We wish you love and ……「京?あけましておめでとう。」
『あけましておめでとうございます、友一先輩!もう、家戻ったんですか?』
事前に言っておいたとはいえ、ワンコールも待たずにあった応答に半ば引きぎみで新年の挨拶をしたら、やけに弾んだ声が返ってきた。

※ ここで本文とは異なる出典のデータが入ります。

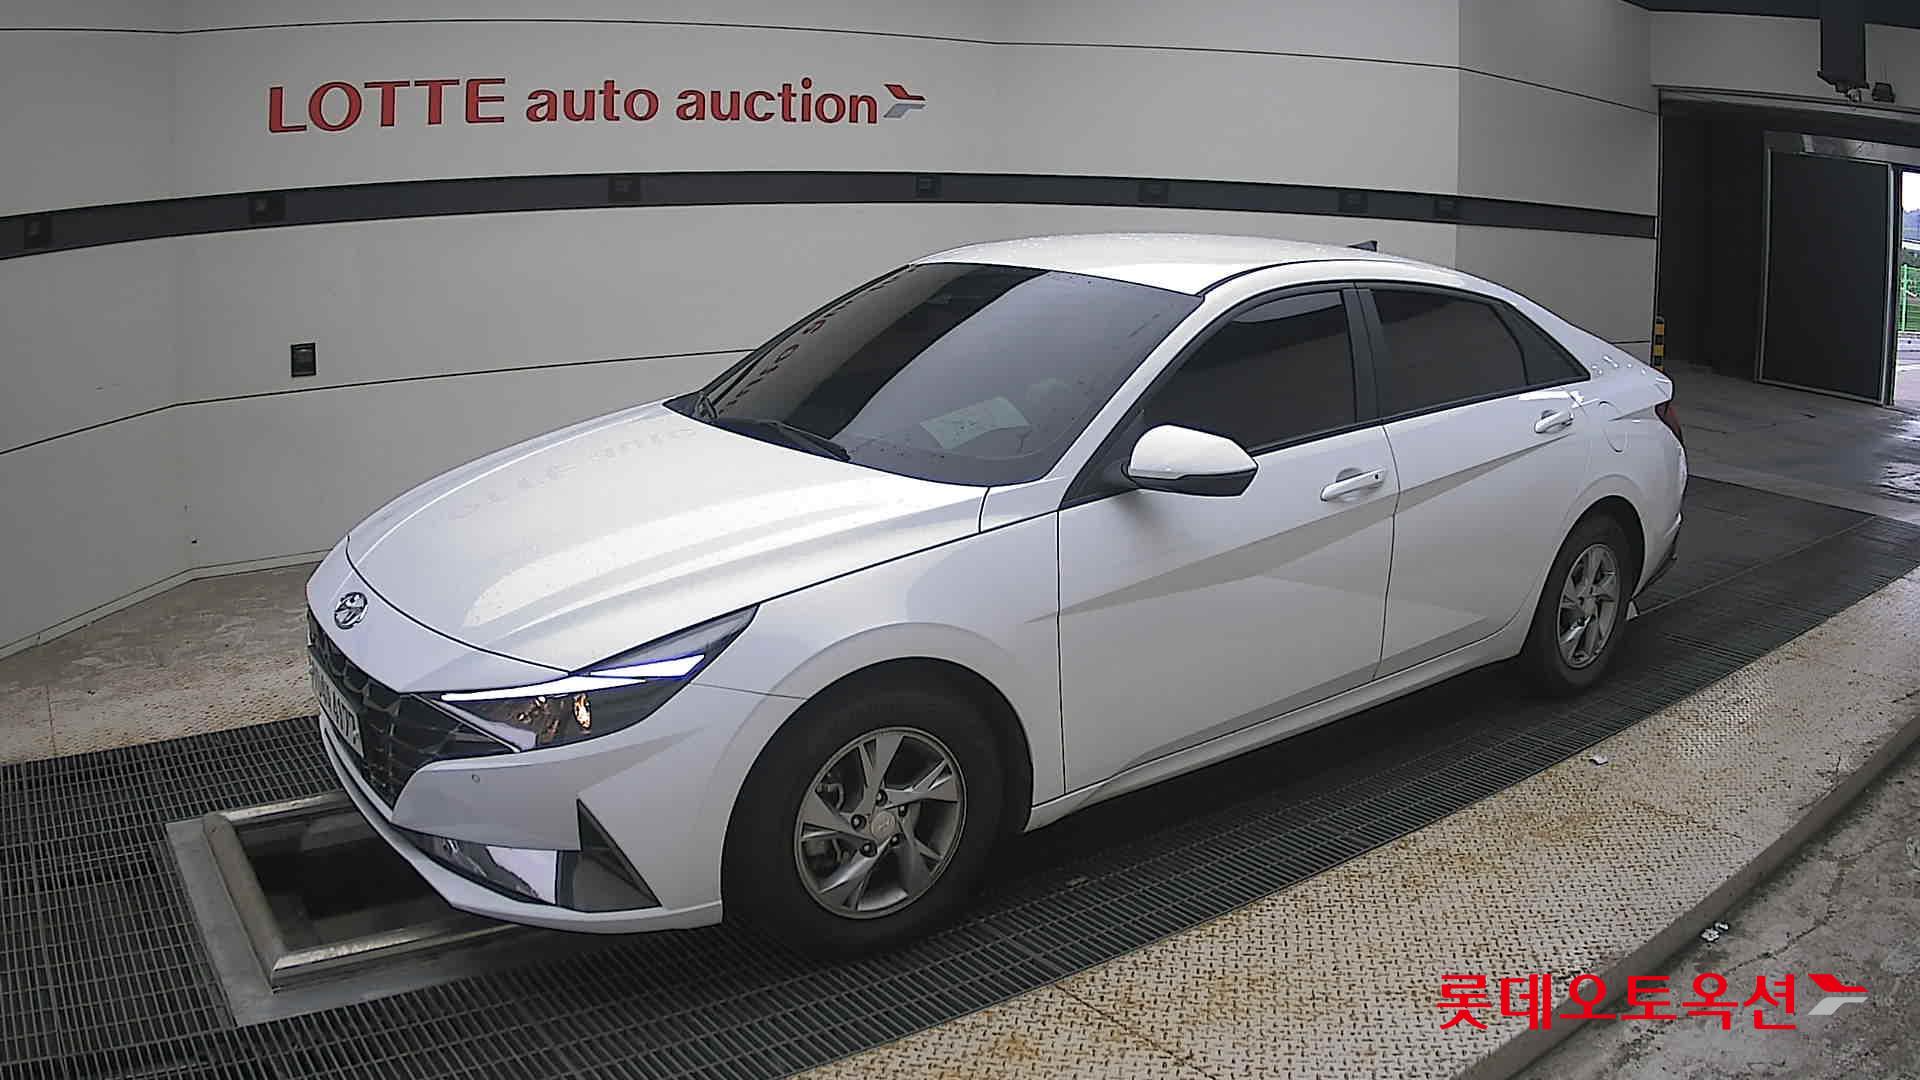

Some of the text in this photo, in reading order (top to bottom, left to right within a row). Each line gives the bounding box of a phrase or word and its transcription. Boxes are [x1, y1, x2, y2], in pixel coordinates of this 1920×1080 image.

[269, 77, 878, 132] LOTTE auto auction
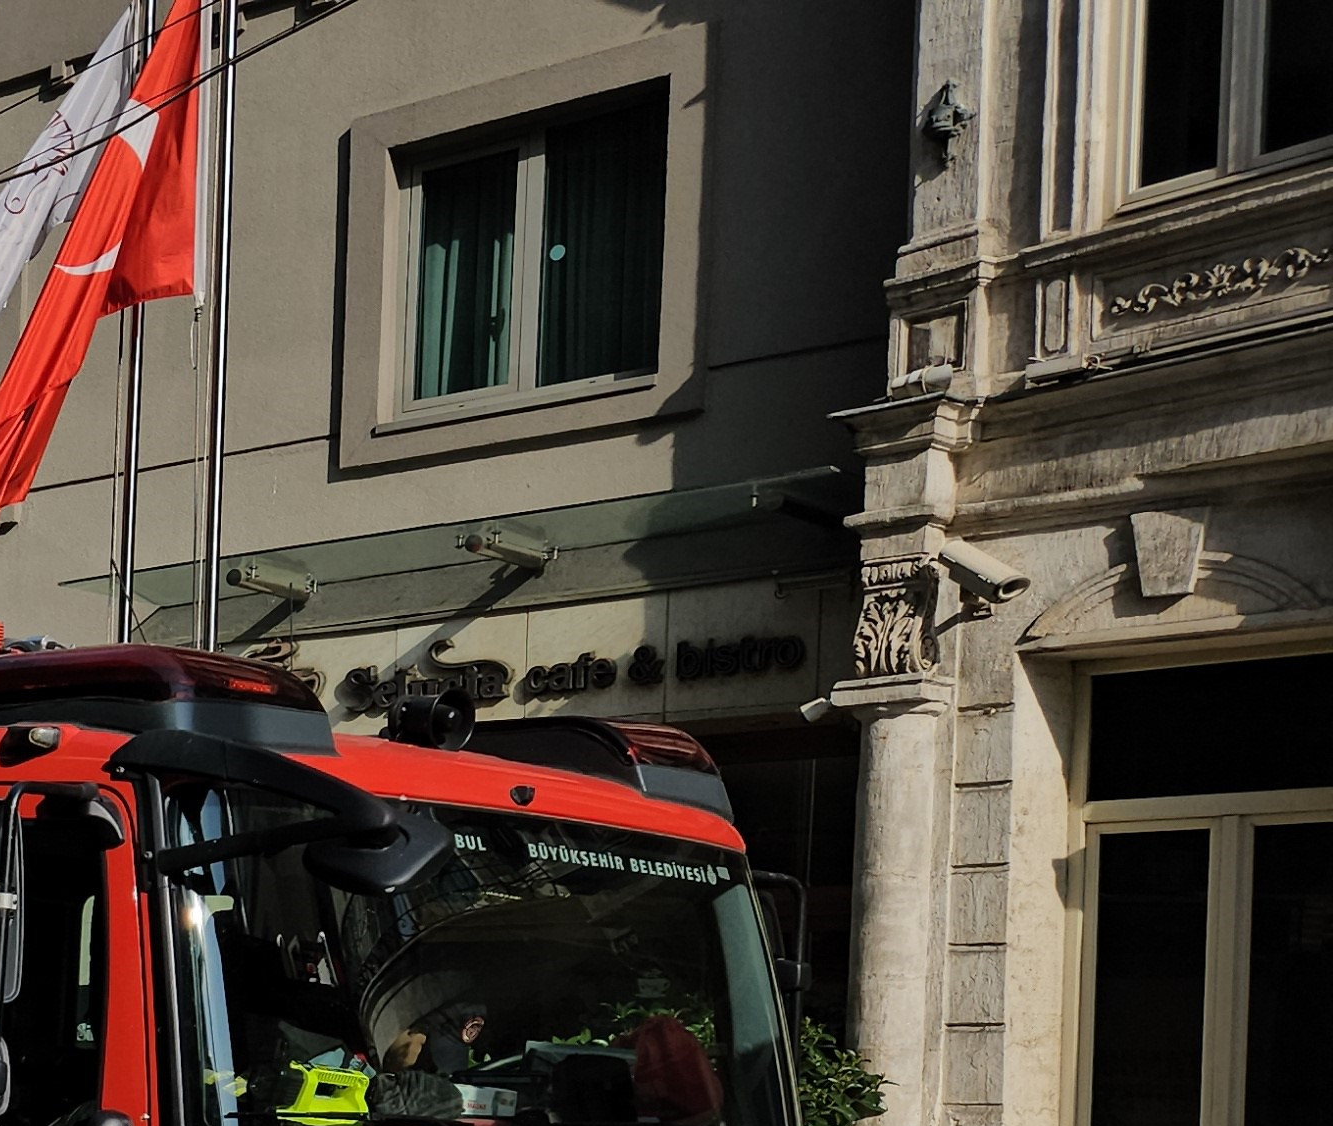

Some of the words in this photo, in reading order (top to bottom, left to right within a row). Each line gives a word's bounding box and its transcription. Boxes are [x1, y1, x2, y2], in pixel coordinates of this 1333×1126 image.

[524, 652, 617, 694] cafe
[633, 645, 663, 683] &
[675, 633, 806, 681] bistro
[527, 842, 625, 872] BÜYÜKŞEHİR
[629, 856, 707, 884] BELEDİYESİ

「……いや、事務室から。さすがに疲れたから、家戻ったらすぐ寝そうでさ……」
『お疲れさまです。実は僕も、割りと徹夜気味なんです。』
「なんで?」
『バスケチームのみんなと年越し初詣行って来ました!めっちゃ混んでて、その後近くの千聖先輩の家で遊んでさっき戻って来たんです。』
「相変わらず仲良いんだな。」
『おかげさまで。……ねぇ、先輩。もっと何かしゃべってください。』
「え?何かってなんだ?」
『じゃあ、今日あった仕事の話。』
なんだかよく分からない要望に、細かい作業や十二時前後の同僚との会話とかを適当に話していたら、京は相槌だけ打って静かに聞いていた。いつもの煩い雰囲気と違い過ぎるので、もしかして眠いのかと思い「京?」と呼び掛けたら、
『……うーん、やっぱり電話、いいですね。先輩の声がこんな近くに聞こえる。このままずーっとしゃべっててくれませんか?一緒に寝てるみたいでサイコーかも!あ、そうだ。先輩、僕の家来て一緒に寝ませんかー?』
と来た。
「バーカ。」
ダメだ、こいつ。
徹夜でテンションがおかしい。
『天才に向かって失礼ですね。ところで先輩、次の休みいつですか?初めての“恋人”デート、楽しみにしてるんですが……』
「休み?……えっと、いつだっけ……」
目の前のシフト表を見ながらいくつか読み上げ始めると、
『それ、全部平日ですよね。』
「そうだな……」
『僕、高校生って分かってますよね?』
「おぅ……」
『来週の土曜日、空けて下さい。」
「え?」
『元々入ってない時間だって事、ちゃんと覚えてます。僕の記憶力なめないで下さい。』
「でも……」
『努力してくれるんですよね?』
「……分かった……」
珍しく威圧的な口調で言われ戸惑っていたら、電話の向こうからクスクス笑う声が聞こえた。
『夕方は空いてるので、無理しなくていいですよ。』
「確定したら知らせるから。」
『はーい。じゃあ、先輩も疲れてるだろうからもう切ります。友一先輩、おやすみなさい。』
「……おやすみ、京。」
電話を切る。
この一年つきあって、生意気なところを差し引けばわりとカッコいいヤツだよな、と思っていたが意外とそうでもないのかも。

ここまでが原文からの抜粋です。